I think it’s much more important that our children learn how to be happy with themselves. Not try to change themselves for others. There will always be someone who won’t like something about you. You can’t please everyone; so just learn to be happy with who you are.
I would not let her if it was elective but if it was for a medical reason I would. I think my daughter is perfect in everyway, and I tell her that everyday. I don’t ever want her that she is not perfect.
Kelly, you and I are on the same wave length. I tell my daughter she is awesome, and eventually they start to believe it.
Definitely not. I know my husband and I would rather spend time helping her/him understand that he/she was beautiful inside and out…irrespective of what other people said
I can’t really answer that question. I think my children are all perfect, in my eyes.

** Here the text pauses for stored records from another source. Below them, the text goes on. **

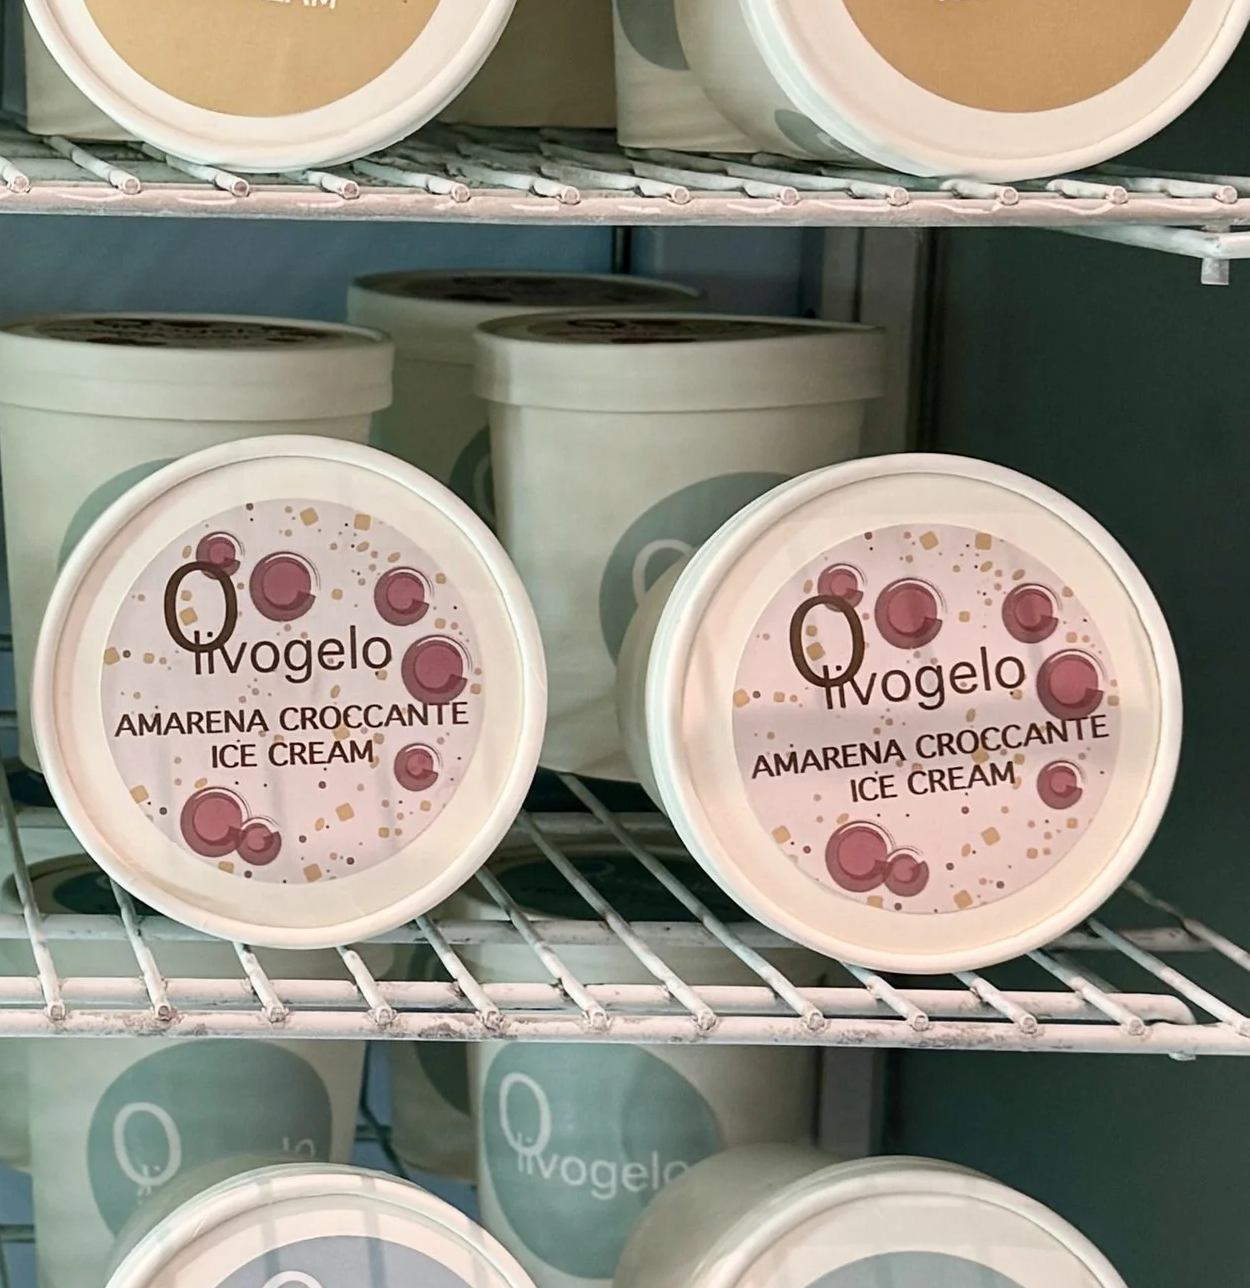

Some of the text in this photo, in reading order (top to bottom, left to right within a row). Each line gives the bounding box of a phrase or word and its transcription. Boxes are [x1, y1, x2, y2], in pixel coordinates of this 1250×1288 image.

[114, 701, 470, 739] AMARENA CROCCANTE
[211, 738, 375, 770] ICE CREAM
[751, 715, 1110, 781] AMARENA CROCCANTE
[850, 761, 1018, 803] ICE CREAM
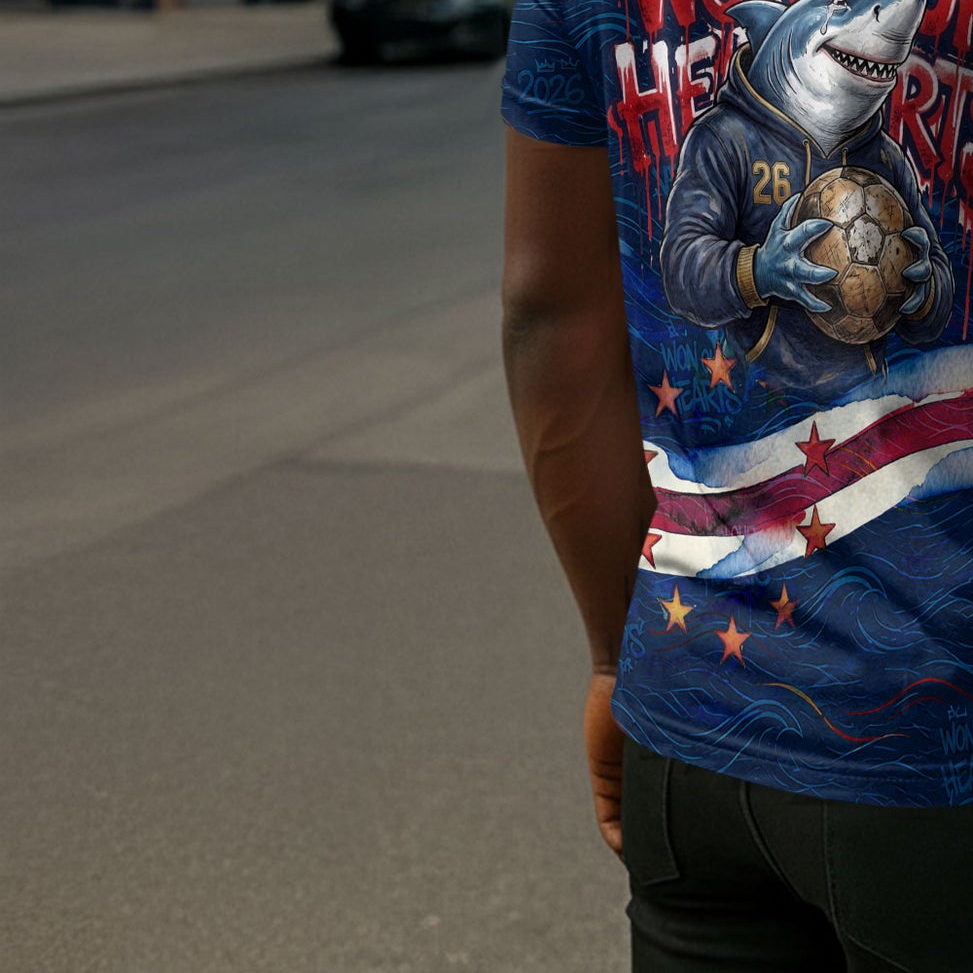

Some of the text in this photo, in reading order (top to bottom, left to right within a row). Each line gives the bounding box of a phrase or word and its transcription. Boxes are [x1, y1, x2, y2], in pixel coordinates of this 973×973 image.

[517, 69, 586, 105] 2026
[752, 160, 792, 206] 26
[660, 340, 700, 373] WON

I think that if there were a problem with proportionality, it’s a matter of telling them that they will most likely grow into whatever it is, and if it doesn’t, well, they’ll be adults someday, and they can pay for it if they decide they really want it. Unless it were something that was being done because it absolutely needed to be done, it’s not happening.
I agree wholeheartedly! And I think parents need to teach their children to not only love themselves, but love others as they are, too! Bullying breaks my heart!

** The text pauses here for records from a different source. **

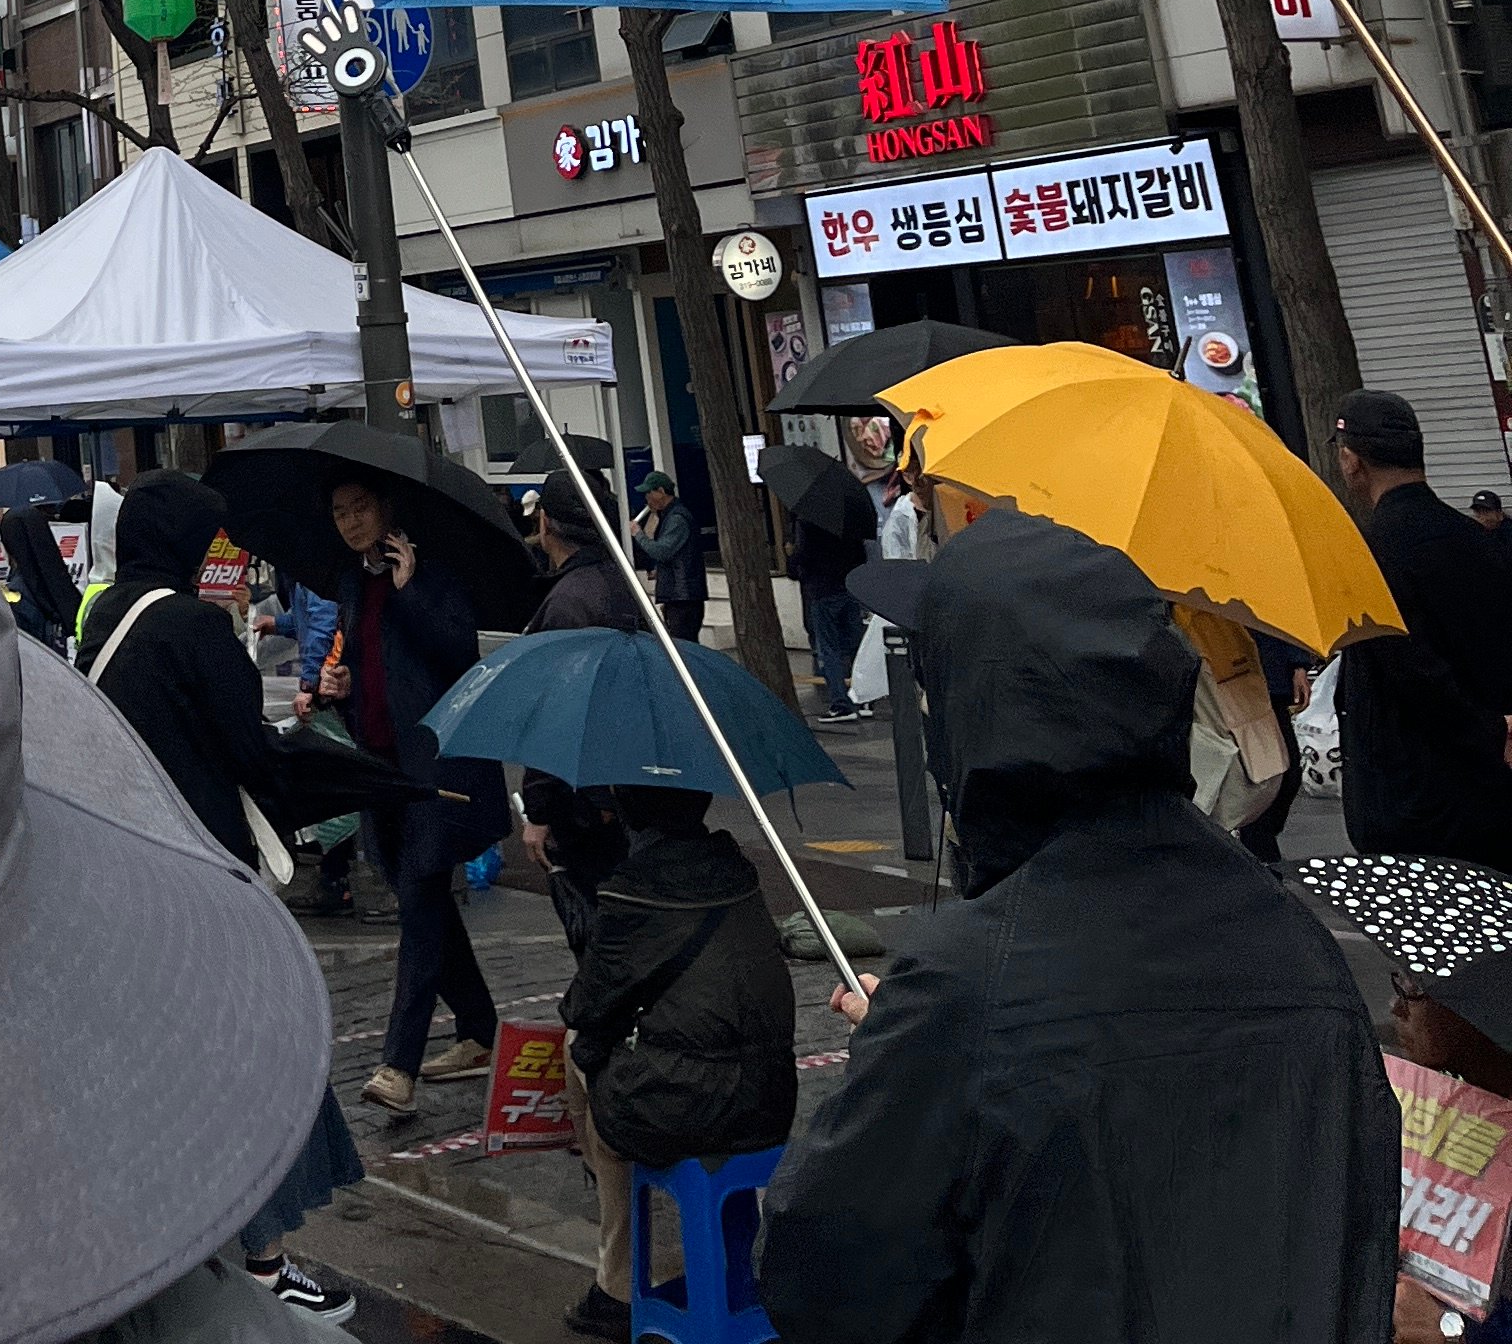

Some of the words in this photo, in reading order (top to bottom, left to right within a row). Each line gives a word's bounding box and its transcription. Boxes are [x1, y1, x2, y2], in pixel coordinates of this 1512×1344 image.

[856, 21, 985, 124] 紅山
[585, 114, 647, 171] 김가
[866, 115, 990, 163] HONGSAN
[821, 209, 880, 258] 한우
[891, 197, 985, 251] 생등심
[1004, 161, 1214, 237] 숯불돼지갈비
[728, 256, 776, 280] 김가네

It would be a resounding NO especially just for vanity. Same for tattoos
I agree with some of the comments above, if needed I would be okay with it (I mean I had breast augmentation when I was in my 20′s and am so happy I did it:) But I also agree that teaching a child self-esteem is the most important thing
This is such a hard thing! I hate that our society makes girls especially feel like they have to look a certain way.
I don’t know! I feel strong for both Hell No & Hell, why Not… I think, as each person is different, it would depend on the kid, the reasons, the benefits VS the risks… etc..
I just can’t say. Never been faced with it…
I think it depends on why. My cousin had her ears pinned back when she was young because she had the nasty “Dumbo” comments hurled at her day after day. I’m not sure that’s “plastic surgery” per say, but still altered her appearance. I don’t blame either her or my aunt and uncle for wanting it done either, I think her self-esteem was suffering horribly. For just ‘pretty looks’ though…umm no.